The same holds true for genres. Like the eye, genres originate as a series of solutions to specific problems, and the best ideas—all of which emerge from the needs of individual authors tackling particular stories—are gathered, codified, and packaged over time. Horror provides a good example. The quintessential slasher film is as ritualized as kabuki: you’ve got a masked killer, a series of nubile teenage victims, the jump scare, the use of sexual behavior as a proxy for guilt or survival, and the moment when the killer seems dead but probably isn’t. Part of the pleasure of watching a horror movie with a large audience is our shared knowledge of those beats, which have accumulated over decades with countless refinements: Psycho laid the groundwork, with an assist from Peeping Tom, while Halloween codified the standard and its successors raised the bar for gore. It all seems weirdly logical, but it isn’t, and it’s only when we look back at its successive stages that we realize how many other turns the genre could have taken. Why the mask? Why teenagers? Well, why not?

Human eye and octopus eye

And the best way to appreciate the role of chance is to look at films from different cultures, in which genres have evolved features that seem incongruous to Western audiences but perfectly reasonable within the context in which they arose. We might find it strange for the protagonists of an epic crime thriller to pause for a musical number, but that’s part of the package in Bollywood. (A visitor from another culture might find it equally odd that an otherwise hardbitten cop in a Hollywood movie would pause to deliver a one-liner just before dispatching the villain.) I’ve always been fascinated by the movies of South Korea, which seem to have emerged out of a fantastically different conception of what kinds of conventions and ideas can exist comfortably within the same story. I’ve never seen a Korean film—from Oldboy to The Host to Nowhere to Hide—that didn’t seesaw radically from one tone to another, with slapstick giving way to surrealism and ultraviolence. And they serve as a vivid reminder of the constraints and limitations we’ve accepted in our storytelling without knowing it.

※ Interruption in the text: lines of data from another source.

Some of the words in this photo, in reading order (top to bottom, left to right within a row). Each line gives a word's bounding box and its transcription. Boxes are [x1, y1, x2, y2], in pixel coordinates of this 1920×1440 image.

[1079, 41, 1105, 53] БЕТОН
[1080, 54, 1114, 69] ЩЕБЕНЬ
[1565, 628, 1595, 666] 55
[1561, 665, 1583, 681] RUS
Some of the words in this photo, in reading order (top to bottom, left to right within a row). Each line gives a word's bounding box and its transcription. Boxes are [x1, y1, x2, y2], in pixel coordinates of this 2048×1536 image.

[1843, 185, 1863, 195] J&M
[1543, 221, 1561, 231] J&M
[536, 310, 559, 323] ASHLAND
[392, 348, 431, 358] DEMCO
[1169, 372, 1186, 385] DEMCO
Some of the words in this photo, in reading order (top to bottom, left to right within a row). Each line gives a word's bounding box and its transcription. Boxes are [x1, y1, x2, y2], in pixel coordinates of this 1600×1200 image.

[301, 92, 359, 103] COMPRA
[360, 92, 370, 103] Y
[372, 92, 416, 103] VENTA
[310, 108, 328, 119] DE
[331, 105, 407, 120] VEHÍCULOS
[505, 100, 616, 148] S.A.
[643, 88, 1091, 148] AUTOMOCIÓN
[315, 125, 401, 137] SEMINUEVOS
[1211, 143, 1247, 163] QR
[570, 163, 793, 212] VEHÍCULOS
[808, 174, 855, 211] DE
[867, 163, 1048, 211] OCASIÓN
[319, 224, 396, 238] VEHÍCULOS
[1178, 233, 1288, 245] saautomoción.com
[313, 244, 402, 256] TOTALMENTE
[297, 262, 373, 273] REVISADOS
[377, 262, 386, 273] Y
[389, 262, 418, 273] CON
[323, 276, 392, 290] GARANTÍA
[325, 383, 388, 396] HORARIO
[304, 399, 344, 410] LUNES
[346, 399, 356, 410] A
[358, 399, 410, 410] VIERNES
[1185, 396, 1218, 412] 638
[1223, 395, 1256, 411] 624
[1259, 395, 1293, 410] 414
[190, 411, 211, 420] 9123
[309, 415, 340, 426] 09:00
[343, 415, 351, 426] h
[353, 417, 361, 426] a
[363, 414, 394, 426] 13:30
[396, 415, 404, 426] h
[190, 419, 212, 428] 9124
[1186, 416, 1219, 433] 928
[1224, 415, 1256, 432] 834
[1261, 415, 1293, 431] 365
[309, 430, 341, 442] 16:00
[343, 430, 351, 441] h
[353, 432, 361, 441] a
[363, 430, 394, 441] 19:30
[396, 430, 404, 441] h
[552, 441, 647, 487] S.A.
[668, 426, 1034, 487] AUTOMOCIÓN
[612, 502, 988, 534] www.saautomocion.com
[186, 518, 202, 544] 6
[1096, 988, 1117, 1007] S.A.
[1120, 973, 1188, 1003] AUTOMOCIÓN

Constraints aren’t necessarily a bad thing: genres assume a certain shape because they do a decent job of solving the problems that stories present, and there’s no shame in doing good work within a genre that we’ve come to know well. But I’m still grateful for a movie like Snowpiercer, the English-language debut of South Korean director Bong Joon-ho, which I finally caught over the weekend. Snowpiercer is all the more striking because it’s being promoted as a straightforward dystopian action movie, only to spiral off on increasingly strange tangents as its protagonists move closer to the front of its titular train. Around the halfway mark, I realized that I didn’t know what to expect from one scene to the next, and that collision between the movie and the expectations aroused by its marketing campaign—which will always strive to fit a film into familiar categories, no matter how unconventional the actual product—results in a weird, giddy ride. It isn’t perfect by any means, but it’s teeming with ideas, and I expect it to stick in my head longer than most conventional entertainments. For the most part, I’m happy to look through the eyes I have, but it’s good to remember from time to time that there are other ways to see.